[Instructions to follow]:
Would you write out every entry exactly, but without the pictures?

[Data records]:
=== Begin Enclosure ===

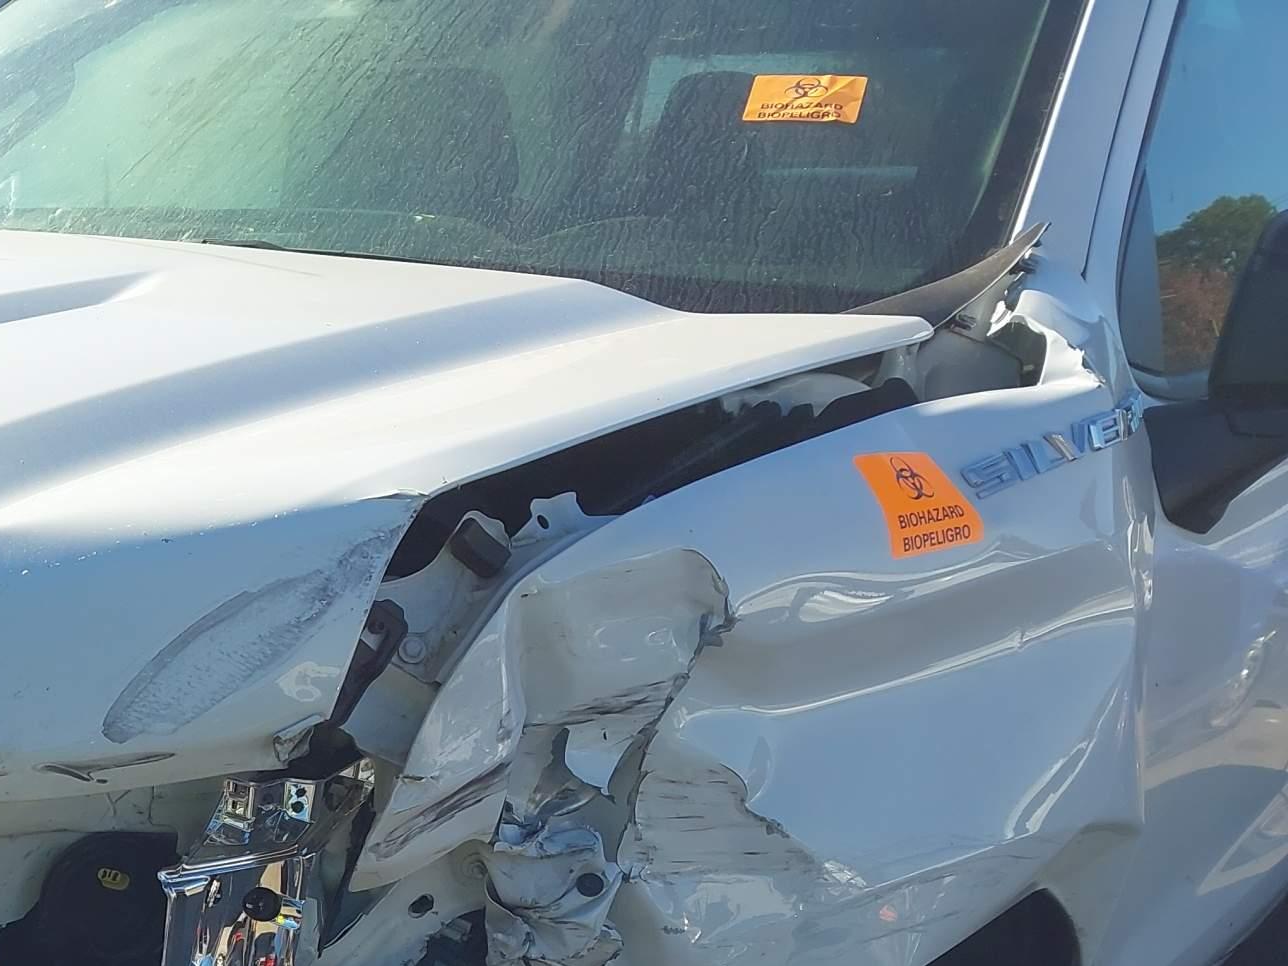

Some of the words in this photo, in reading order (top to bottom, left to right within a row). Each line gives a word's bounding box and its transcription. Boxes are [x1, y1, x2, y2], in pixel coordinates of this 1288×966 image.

[760, 102, 843, 110] BIOHAZARD
[757, 111, 841, 119] BIOPELIGRO
[898, 504, 965, 529] BIOHAZARD
[903, 524, 971, 552] BIOPELIGRO

=== End Enclosure ===

[Exercise response]:
Some of the words in this photo, in reading order (top to bottom, left to right within a row). Each line gives a word's bounding box and its transcription. Boxes are [x1, y1, x2, y2], in pixel coordinates of this 1288×966 image.

[760, 102, 843, 110] BIOHAZARD
[757, 111, 841, 119] BIOPELIGRO
[898, 504, 965, 529] BIOHAZARD
[903, 524, 971, 552] BIOPELIGRO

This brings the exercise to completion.